UALR Prof, Students Help NASA Rovers Roll
A paper co-authored by Dr. Cang Ye, associate professor in UALR’s Department of Applied Science, and two UALR students won “Best Paper” at Institute of Electrical and Electronics Engineering International Conference on Mechatronics and Automation Aug. 4 to 7, in Xi’An, China. The paper describes their process for helping keep NASA’s rovers on the moon or Mars from getting stuck.
Chris Robinson of Cedarville, who graduated from UALR in the spring with a bachelor’s degree in systems engineering, Ph.D. student GuruPrasad M. Hegde from India, and Ye co-authored the paper with Dr. Ashley Stroupe and Dr. Edward Tunstel. Stroupe is a robotics engineer at the Jet Propulsion Laboratory and Rover driver for NASA’s Mars exploration. Edward Tunstel, a senior robotics engineer at NASA’s Jet Propulsion Laboratory. He also is the Space Robotics & Autonomous Control Lead of Johns Hopkins University Applied Physics Laboratory.
The paper, “Computer Vision Based Wheel Sinkage Detection for Robotic Lunar Exploration Task,” deals with a difficult problem in NASA’s robotic planetary exploration.
“When a robot rover moves on planetary surface, it usually interacts with soft terrain,” Ye said. “For example, the Mars rovers move on soft sandy terrain most of the time in their scientific tasks. The soft soil may cause wheel slip and traction loss. Excess traction loss may cause a rover immobile and make mission impossible.”
How deep and fast a wheel sinks can provide information to assess the loss of traction and determine when and how to apply corrective action. For example, the robot needs to slow down to restore traction if the sinkage is big, or it needs to move back if sinkage is getting larger along the way.
“We used a machine vision camera to monitor each wheel’s interaction with terrain,” Ye said. “We devised a computer vision method that may reliably detect the wheel-soil boundary and determine the sinkage.”
NASA has had problems with lunar robots because moon dust can stick on wheel surfaces, making it less distinctive from the soil and making it difficult for a robot to predict a potential trap of lunar soil.

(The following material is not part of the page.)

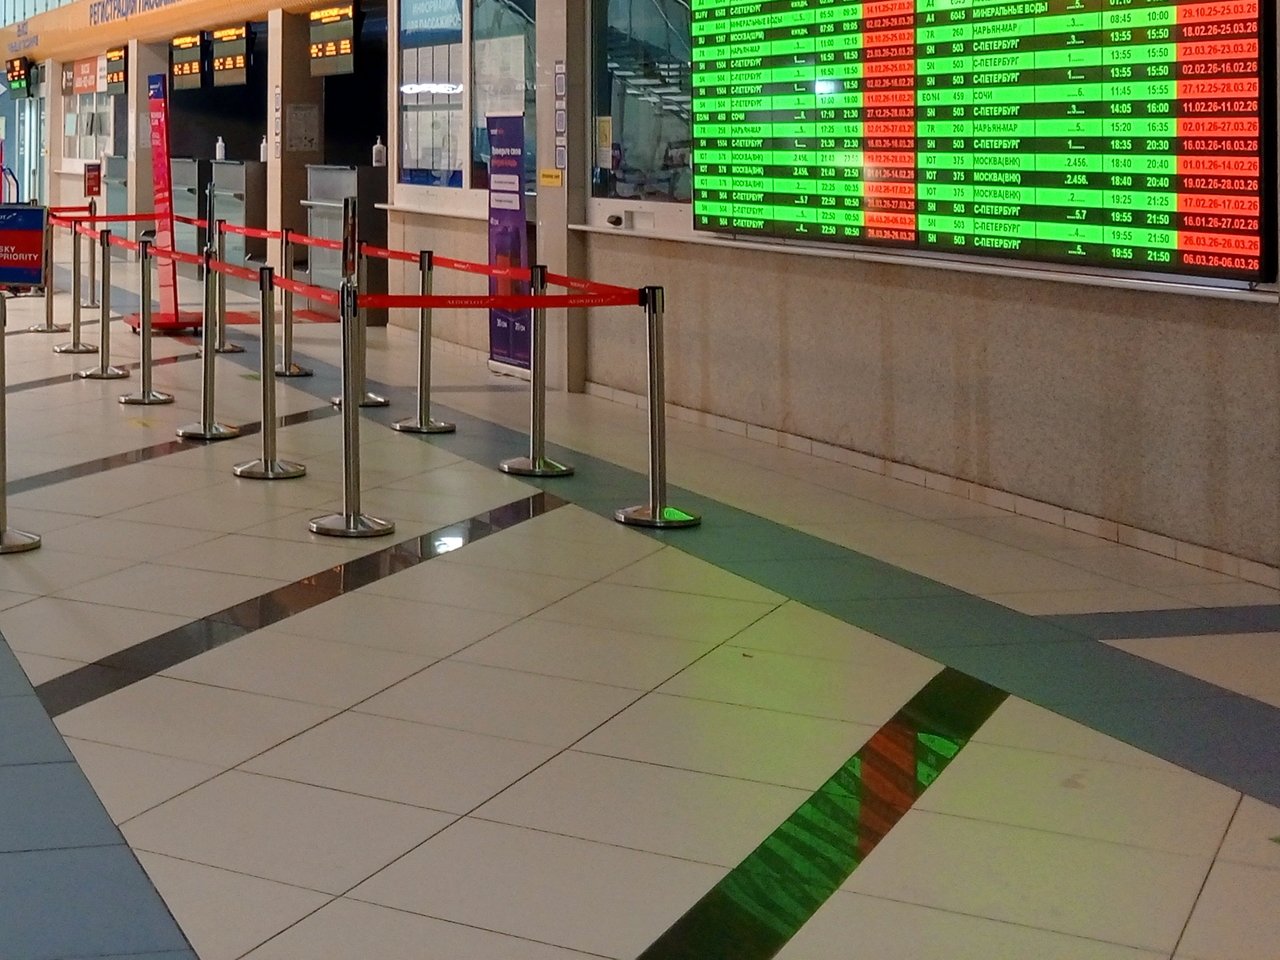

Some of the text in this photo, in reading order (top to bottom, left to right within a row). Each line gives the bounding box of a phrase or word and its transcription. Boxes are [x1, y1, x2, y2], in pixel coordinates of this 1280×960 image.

“Existing methods fail in this particular case while our method consistently succeeds in sinkage detection under low-illumination, non-uniform lighting conditions, as well as scenario with shadow,” Ye said.
The work was initially supported by a NASA EPSCoR Research Infrastructure Development Award. It is now supported by a second NASA EPSCoR grant.
The paper won the Toshio Fukuda Best Paper Award in Mechatronics.